◆ Problem to work on
With the pictures set aside, write out all of the data exactly as it stands.

◆ Recorded data
-.-.-

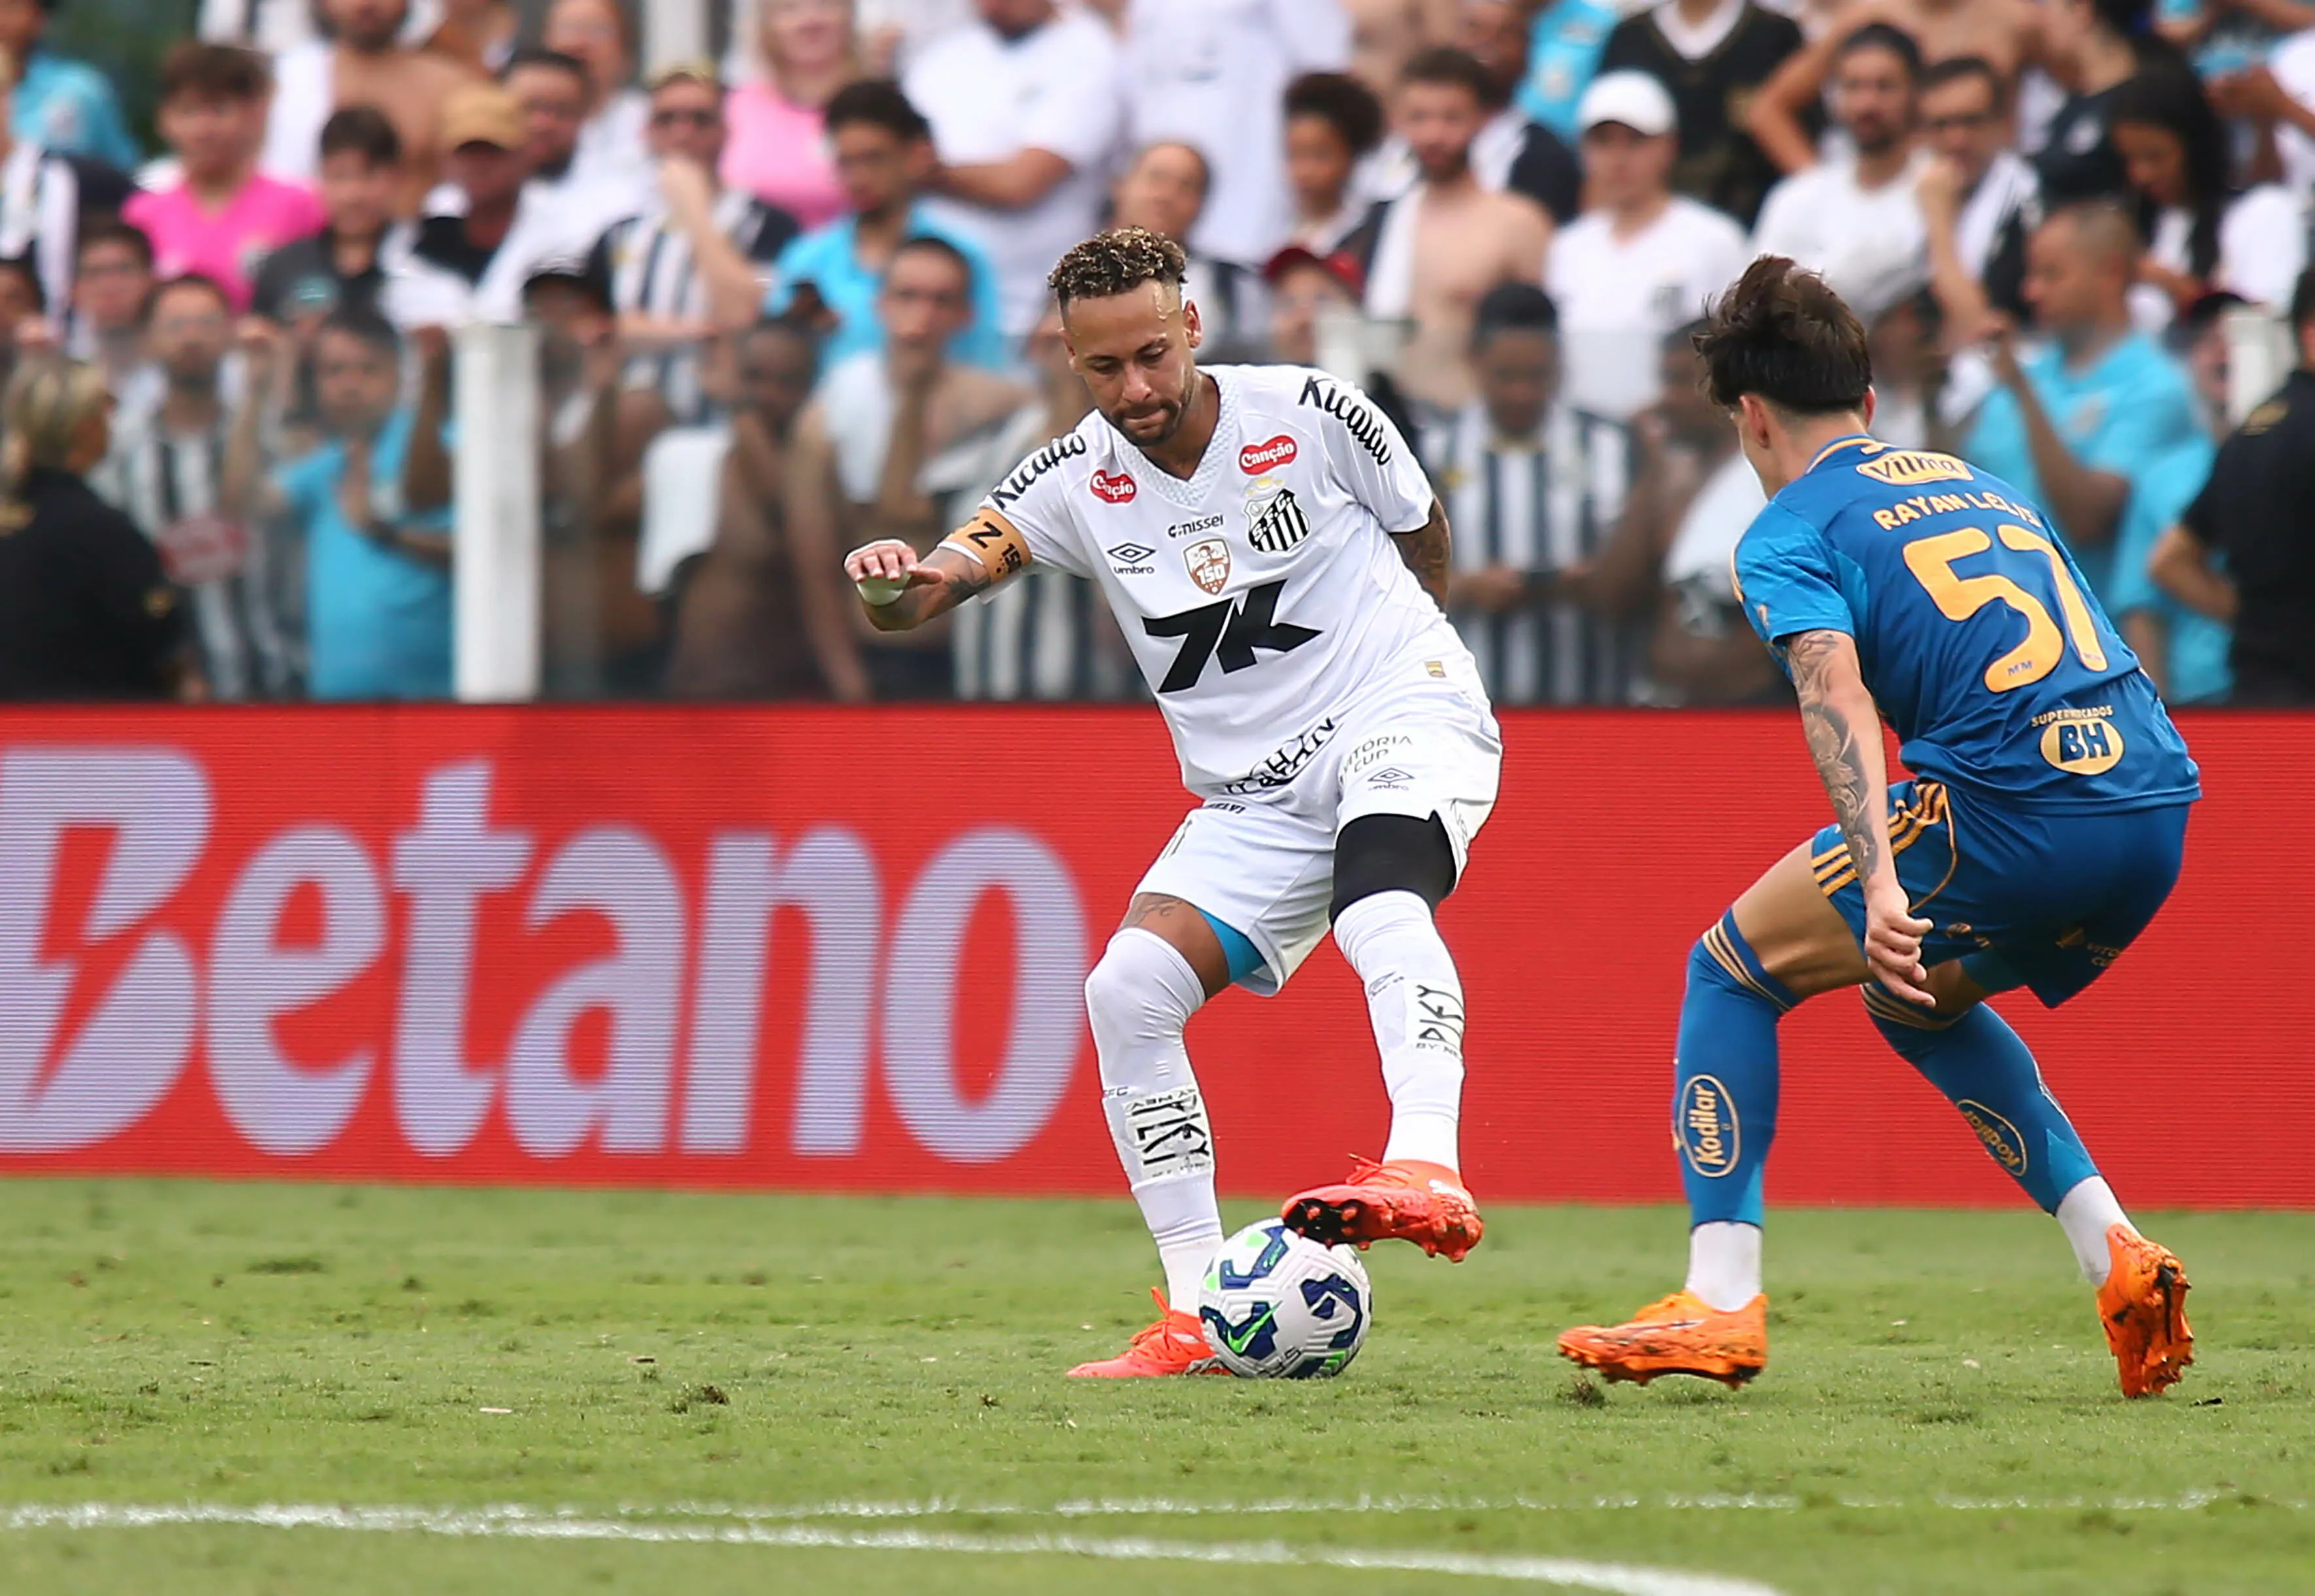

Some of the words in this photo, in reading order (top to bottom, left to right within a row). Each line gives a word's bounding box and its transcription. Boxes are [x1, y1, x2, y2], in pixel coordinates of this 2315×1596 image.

[1241, 442, 1295, 468] Canção
[1869, 455, 1958, 479] Vilma
[1871, 494, 1971, 530] RAYAN
[1113, 565, 1156, 575] umbro
[1196, 564, 1226, 585] 150
[1902, 524, 2108, 694] 57
[1141, 579, 1324, 694] 7K
[1354, 748, 1389, 773] CUP
[2058, 722, 2112, 763] BH
[0, 744, 1090, 1163] Betano
[1688, 1083, 1728, 1165] Kodilar

-.-.-

◆ Result of this exercise
Some of the words in this photo, in reading order (top to bottom, left to right within a row). Each line gives a word's bounding box and its transcription. Boxes are [x1, y1, x2, y2], in pixel coordinates of this 2315×1596 image.

[1241, 442, 1295, 468] Canção
[1869, 455, 1958, 479] Vilma
[1871, 494, 1971, 530] RAYAN
[1113, 565, 1156, 575] umbro
[1196, 564, 1226, 585] 150
[1902, 524, 2108, 694] 57
[1141, 579, 1324, 694] 7K
[1354, 748, 1389, 773] CUP
[2058, 722, 2112, 763] BH
[0, 744, 1090, 1163] Betano
[1688, 1083, 1728, 1165] Kodilar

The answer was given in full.